Ich kann kaum glauben, was ich gerade durchs Telefon gehört habe und frage sicherheitshalber noch einmal nach.

„Dieses Mal wirst du dich um den Haushalt und die Verpflegung kümmern müssen“, wiederholt meine Mutter bereitwillig, wobei sie erneut das Du im Satz überdeutlich betont. „Ich kann das ja schlecht selbst machen, und dein Vater hat genug mit Oma und mir zu tun.“

„Aber … aber …“ Ich weiß echt nicht, was ich sagen soll.

Im Laufe der letzten Minute wurde ich nicht nur mit der Neuigkeit konfrontiert, dass meine Mutter sich gestern beim Wandern den Fuß gebrochen hat, und dass das Rheuma bei meiner Oma immer schlimmer wird. Nein, ich musste auch noch zur Kenntnis nehmen, dass meine Mutter die gesamte Organisation unseres anstehenden Familientreffens mir überlassen will.

Mir!

„Was … was ist mit Nora und Tom?“ Gerade noch rechtzeitig fallen mir meine große Schwester und mein Schwager ein.

„Nora?“, wiederholt meine Mutter gedehnt. „Auf keinen Fall. Du weißt doch, dass das nicht geht. Sie hat gerade erst …“

„Warte mal!“, unterbreche ich sie, denn ich stehe in meiner Lieblingsbäckerei an der Theke und bin in diesem Moment an der Reihe. Hastig bestelle ich Kaffee, Muffin, Sandwich und Kuchen, bevor ich mich wieder dem Telefon zuwende. „Okay, ich kann wieder zuhören.“

„Wo bist du?“, will meine Mutter wissen.

„Im Bäckerladen.“

„Alexander! Wie oft habe ich dir gesagt, du sollst mich nicht von unterwegs aus anrufen? Ich kann es nicht leiden, wenn ich nicht deine volle Aufmerksamkeit habe.“

„Du hast meine volle Aufmerksamkeit“, versichere ich ihr. „Ich rede nur mit dir.“

„Gerade hast du aber auch mit jemand anderem gesprochen.“

„Das war nur eine Verkäuferin, das zählt nicht.“

Ich werfe einen flüchtigen Blick hinter die Theke. Dort stehen, wie eigentlich jeden Morgen, zwei junge Frauen. Die eine ist klein, blond und ein wenig mollig. Ich glaube, das ist die Inhaberin. Die andere ist groß, mager, rothaarig und hat mindestens fünf silberne Ringe im Ohrläppchen.

In jedem.

„Neun Euro sechzig“, sagt die Blonde jetzt zu mir. Sie lächelt nicht ganz so freundlich wie sonst.

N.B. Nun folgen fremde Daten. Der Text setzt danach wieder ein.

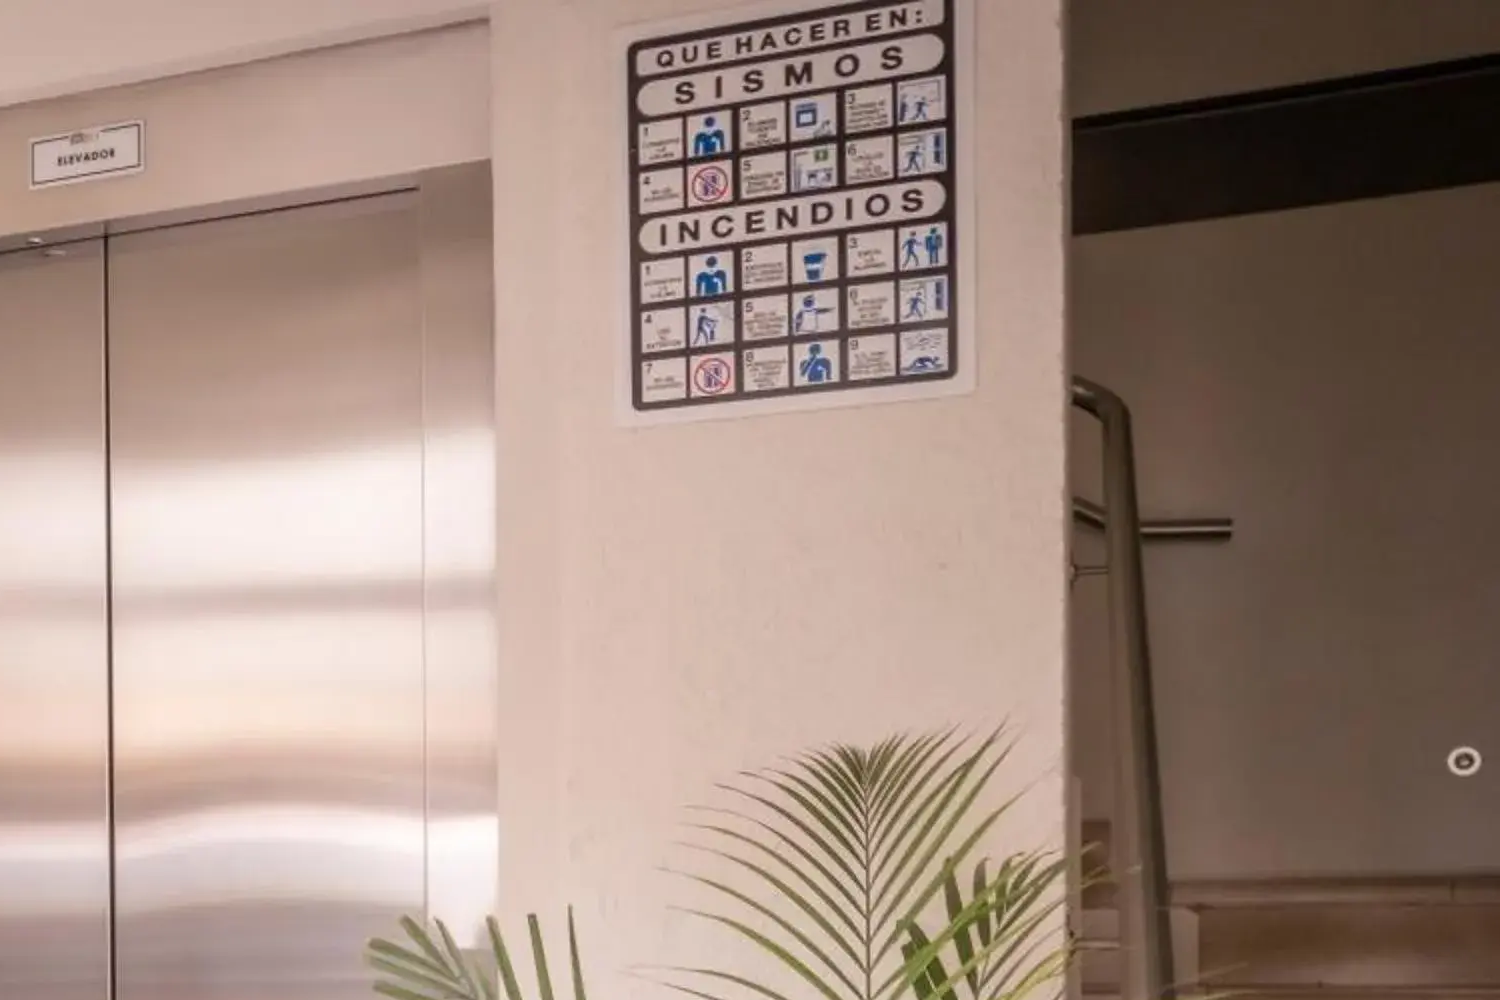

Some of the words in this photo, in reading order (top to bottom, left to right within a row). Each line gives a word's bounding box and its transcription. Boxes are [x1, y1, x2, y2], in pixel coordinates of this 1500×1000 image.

Ich schiebe einen Zehn-Euro-Schein über die Theke und signalisiere ihr, dass sie den Rest behalten kann. Sie bedankt sich mit einem geschäftsmäßigen Nicken, aber immer noch ohne Lächeln.

„Deine Schwester hat drei Kinder“, nimmt meine Mutter ihren ursprünglichen Gesprächsfaden wieder auf. „Darf ich dich daran erinnern, dass sie erst vor Kurzem Zwillinge bekommen hat? Sie und Tom sind wegen der Babys Tag und Nacht auf den Beinen und können sich unmöglich auch noch um sechs Erwachsene kümmern.“

„Sechs? Wieso sechs?“, hake ich nach und packe die Gebäcktüten in meine Tasche. Nicht ganz so einfach, wenn man nur eine Hand zur Verfügung hat.

„Du, ich, dein Vater, Oma, dein Bruder und seine Freundin“, zählt meine Mutter auf. „Wenn du auch noch jemanden mitbringst, sind wir sogar sieben.“

„Wie? Jonathan hat schon wieder eine Neue?“ Den letzten Teil ihrer Bemerkung ignoriere ich absichtlich.

Ich bringe bestimmt niemanden mit.

Die Sache zwischen Michelle und mir ist mein kleines Geheimnis, das niemanden etwas angeht. Und das soll auch noch eine Weile so bleiben.

Außerdem kann ich mir meine elegante, aber immer ein wenig unnahbar wirkende Freundin nur schwerlich im Kreis meiner lauten und chaotischen Familie vorstellen.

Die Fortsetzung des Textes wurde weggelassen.